Porém, os britânicos começaram a perceber que, “por mais proclamações de que estavam a restaurar a paz no Afeganistão e de ali estarem a convite do legítimo soberano do país […], no instante em que pusessem um pé fora do acampamento fortemente guardado, podiam ter a garganta cortada”. Foi este crescendo de ataques, conjugado com a vaga ambição de anexação do território, que levou George Eden a tomar a decisão de manter parte das tropas britânicas no Afeganistão depois de Shah Shuja ser reposto no trono, alegando que “devemos durante algum tempo estar preparados para apoiar o Shah”. Tal como aconteceu com os americanos em 2001, uma invasão-relâmpago para promover uma “mudança de regime”, converteu-se numa ocupação.
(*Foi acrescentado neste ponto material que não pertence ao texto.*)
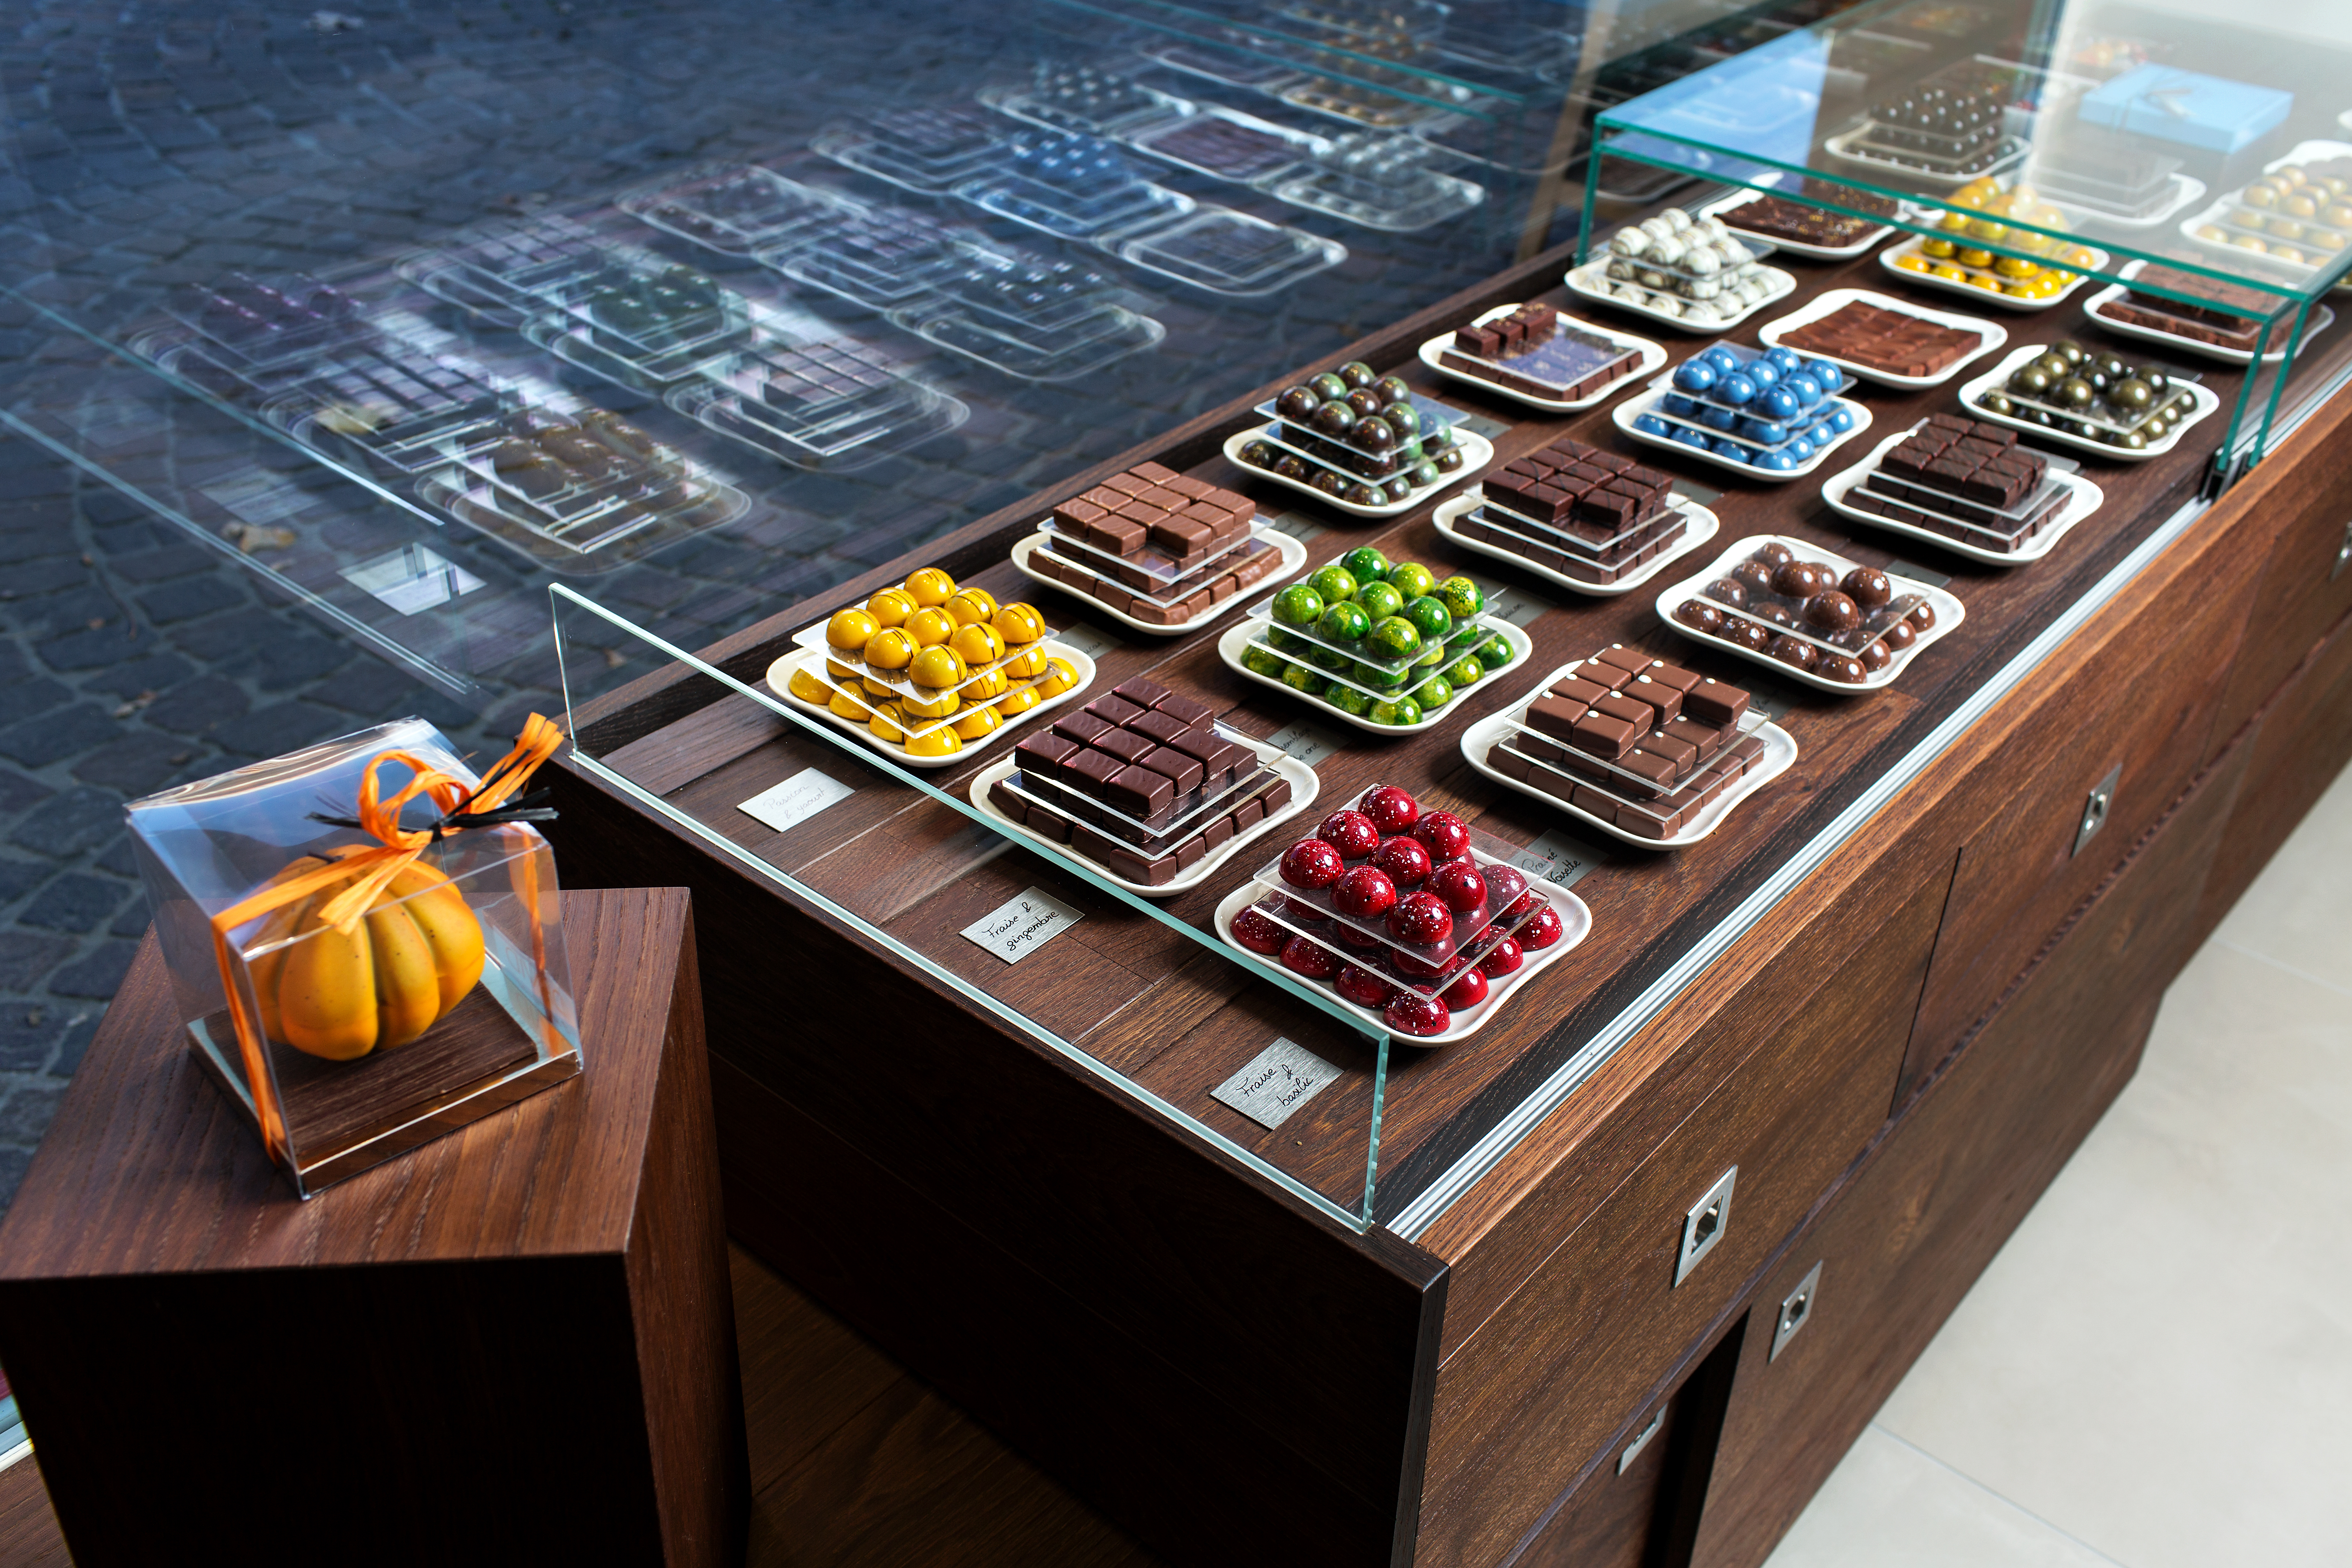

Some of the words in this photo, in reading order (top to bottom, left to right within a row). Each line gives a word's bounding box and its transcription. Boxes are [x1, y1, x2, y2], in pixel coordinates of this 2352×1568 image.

[1281, 727, 1310, 749] semblage
[1305, 742, 1320, 754] one
[763, 785, 809, 809] Passion
[784, 810, 791, 819] &
[797, 788, 825, 815] yaourt
[1521, 848, 1557, 873] Praliné
[1546, 860, 1581, 883] Noisette
[982, 915, 1019, 938] Fraise
[1022, 902, 1031, 913] &
[1007, 911, 1060, 951] gingembre
[1236, 1068, 1276, 1097] Fraise
[1282, 1064, 1293, 1080] &
[1276, 1077, 1313, 1106] basilic
E a ocupação começou a tornar-se cada vez mais difícil de suportar para os afegãos, que começaram a ver Shah Shuja como uma marioneta controlada pelos kafir (infiéis) e a sentir-se humilhados por a prostituição em Kabul se ter desenvolvido explosivamente, para dar satisfação às necessidades do exército anglo-indiano nela estacionado (cujos oficiais não hesitavam mesmo em seduzir as esposas dos senhores afegãos).
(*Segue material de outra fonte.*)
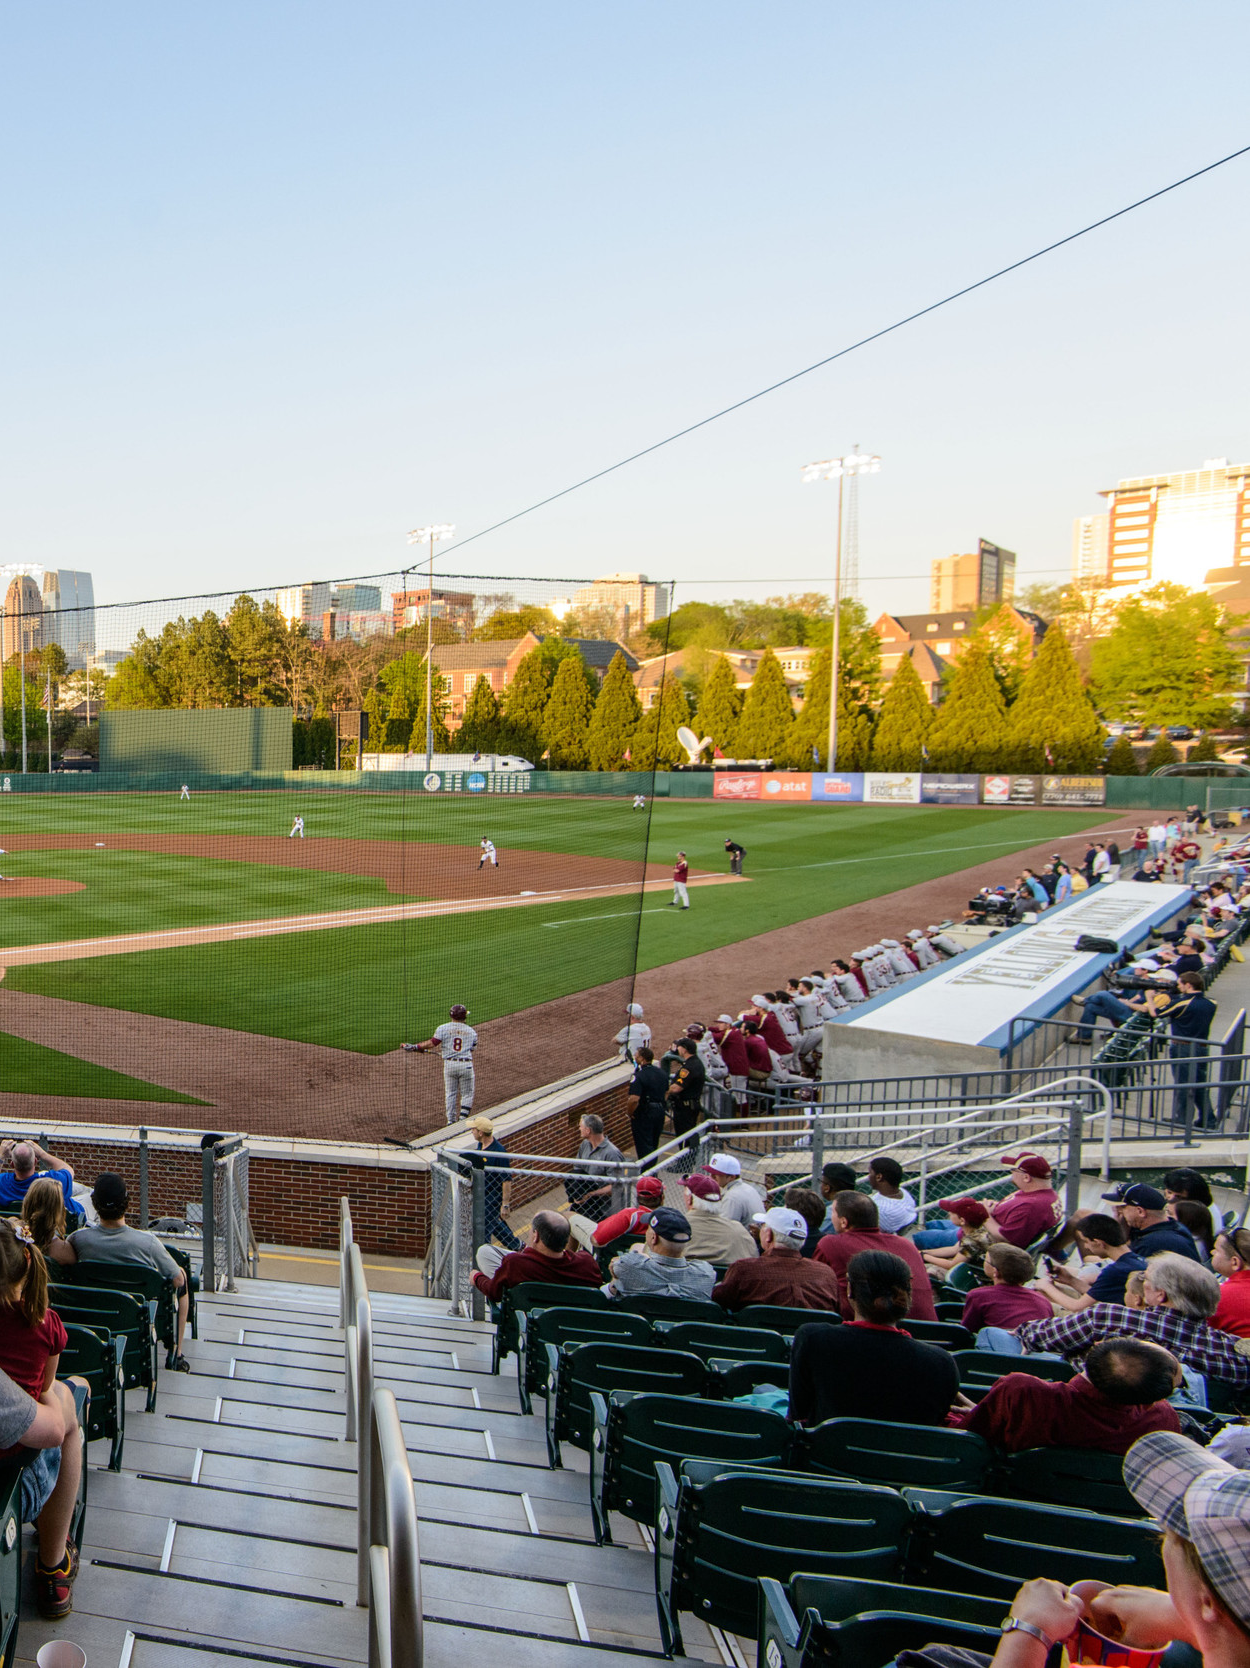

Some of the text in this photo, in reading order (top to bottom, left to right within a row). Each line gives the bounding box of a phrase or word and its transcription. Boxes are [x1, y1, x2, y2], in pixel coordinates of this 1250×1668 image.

[718, 780, 756, 792] Rawlings
[782, 781, 807, 792] at&t
[453, 1037, 462, 1051] 8
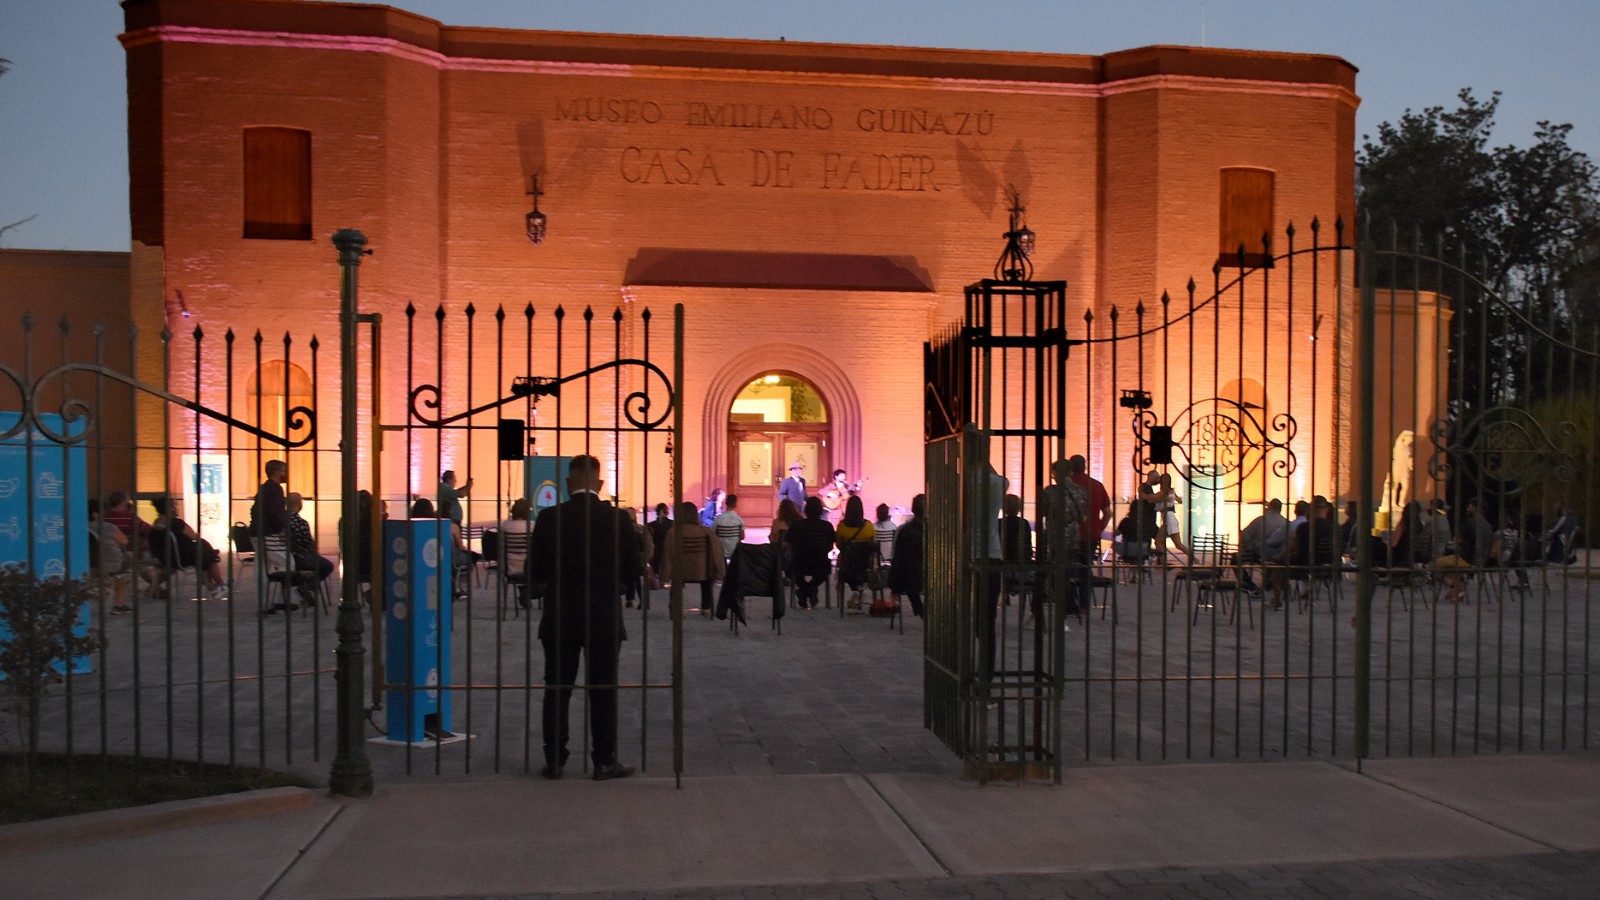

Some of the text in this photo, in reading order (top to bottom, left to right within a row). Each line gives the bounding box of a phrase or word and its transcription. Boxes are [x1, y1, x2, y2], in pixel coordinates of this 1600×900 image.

[553, 97, 663, 124] MUSEO
[685, 101, 833, 130] EMILIANO
[620, 146, 941, 192] CASA DE FADER
William Hay Macnaghten (1793-1841), conselheiro do Governador-Geral da Índia, partilhou a governação do Afeganistão com Shah Shuja no período 1839-41. Litografia de 1843, a partir de um desenho por Vincent Eyre

Durante os primeiros tempos da presença britânica, a paz no Afeganistão (incluindo a segurança nas estradas) foi comprada mediante generosos “subsídios” regulares aos chefes tribais, mas George Eden começou a mostrar relutância em manter este esquema, por um lado porque que representava um sério rombo nas finanças do Governo-Geral da Índia, que os magros impostos cobrados no Afeganistão ficavam muito longe de cobrir; por outro porque, em Novembro de 1839, Londres instruíra o Governador-Geral da Índia para destacar unidades militares para intervir na China, naquilo que ficaria conhecido como a Primeira Guerra do Ópio e em que os britânicos impuseram ao Governo chinês, pela forças das armas, a manutenção do infame comércio de ópio, que estava a converter largos sectores da sociedade chinesa em toxicodependentes (ver capítulo “Cantão, 1839: A Grã-Bretanha como narco-estado” em Cinco séculos de comércio livre e proteccionismo, parte 1: 1498-1580). Para que se tenha noção da iniquidade da política britânica na Ásia, deverá realçar-se que o ópio que a Companhia das Índias Orientais vendia na China, usando como “testas de ferro” diversos empresários britânicos (de forma a que o respeitável nome da Companhia não ficasse associado ao tráfico de estupefacientes), provinha do Norte da Índia, onde a Companhia incentivara os agricultores a trocar o cultivo de cereais pelo da papoila-dormideira, o que levou a que, nos maus anos agrícolas, as vagas de fome se tornassem bem mais mortíferas.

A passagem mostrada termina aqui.